The first rule is to think about the service or product you’re going to be marketing, your potential customers and the characteristics that distinguish your business from the rest of the market. Should you be going for a traditional gelato parlour or a corner dedicated to gelato in a bar? Are you going to be aiming at one-off customers or do you prefer to go for loyalty? Are you thinking of a franchised brand, perhaps in a shopping mall, or is your style more of a display case out on the pavement? These are all questions that you should make sure to clarify at the beginning of the journey, as each answer corresponds to key information that will help you achieve your goal with even greater success.
1. The first rule: funding the business.
The initial capital to start the business is crucial in helping to determine the direction of the business.How much capital is needed to start up, how should you invest it, which areas of strength can help us to establish the route to travel and your cruising speed. Do you have enough funds or do you need external loans? And the question to be asking before seeking funding is whether there are any incentives for specific businesses or geographical areas
2. Studying the business plan.
The business plan is a strategic tool for developing the business and needs to contain some essential elements, such as:
a description of what kind of activity you intend to start up; understanding who will be buying your products or services, and why; making a financial forecast, indicating the capital needed to start up. You can get a personalised consultation at the Chamber of Commerce.
3. Competency screening.
The main step is to understand the market you are working in. Your chances of success will be higher if you have the skills and experience you’ll be needing to start up and manage the main tasks in your business.Otherwise, you can go on one of the training courses offered by firms in the confectionery sector or at the Chambers of Commerce.

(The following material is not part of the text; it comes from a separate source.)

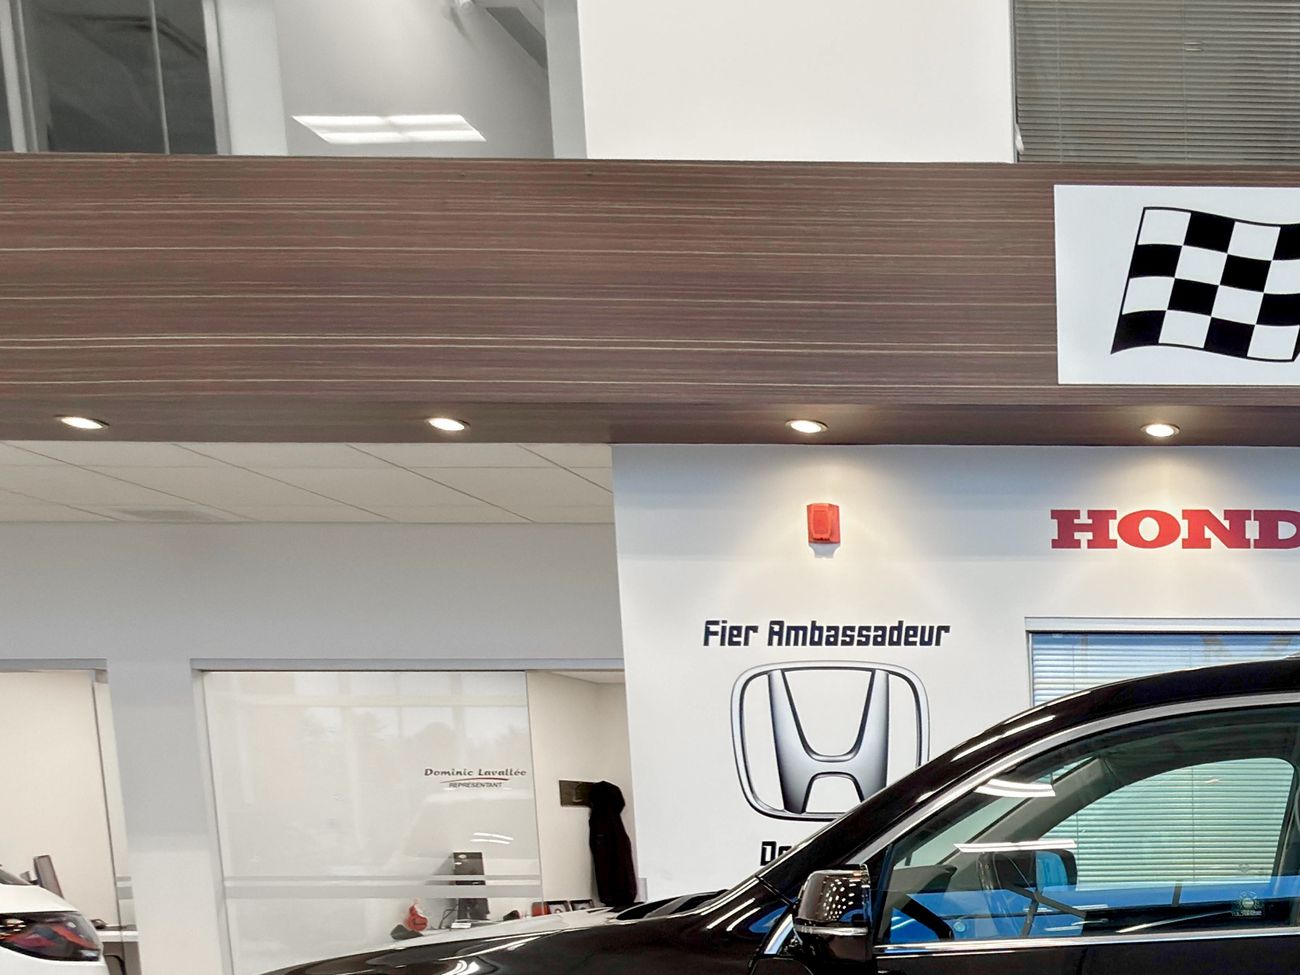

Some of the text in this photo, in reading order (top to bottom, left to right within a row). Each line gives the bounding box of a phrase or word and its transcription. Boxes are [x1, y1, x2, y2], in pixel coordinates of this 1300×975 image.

[702, 619, 951, 647] Fier Ambassadeur
[424, 768, 527, 776] Dominic Lavallée

4. The competitive advantage.
In a highly competitive market, it’s good to know how to leverage customers and how to use their strengths to stand out from the competition.
5. The financial side, taxes and services.
Open a bank account to register and keep a record of all the transactions in your business. Look for the best offers from banks and building societies and set up meetings with their consultants to discuss your needs.
The ICCIUK (Italian Chamber of Commerce and Industry for the UK) offers this service through its partners.
Your business has to be registered with the Inland Revenue within three months of startup; the government agency will calculate how much you need to pay in taxes and National Insurance contributions.
Once the corporate structure has been decided, the business needs to be registered. The main types of corporate structure in the United Kingdom are: Sole Trader (Self-employed); Partnership; Ltd. Company. There is an information guide about each form of legal status which you can get from ICCIUK.
6. Value Added Tax
If you make annual sales of over 67,000 pounds, you have to register your business for VAT. Contact the Inland Revenue on +44 (0) 845 010 9000, visit their website at www.hmce.gov.uk for updates or ask for some help from ICCIUK.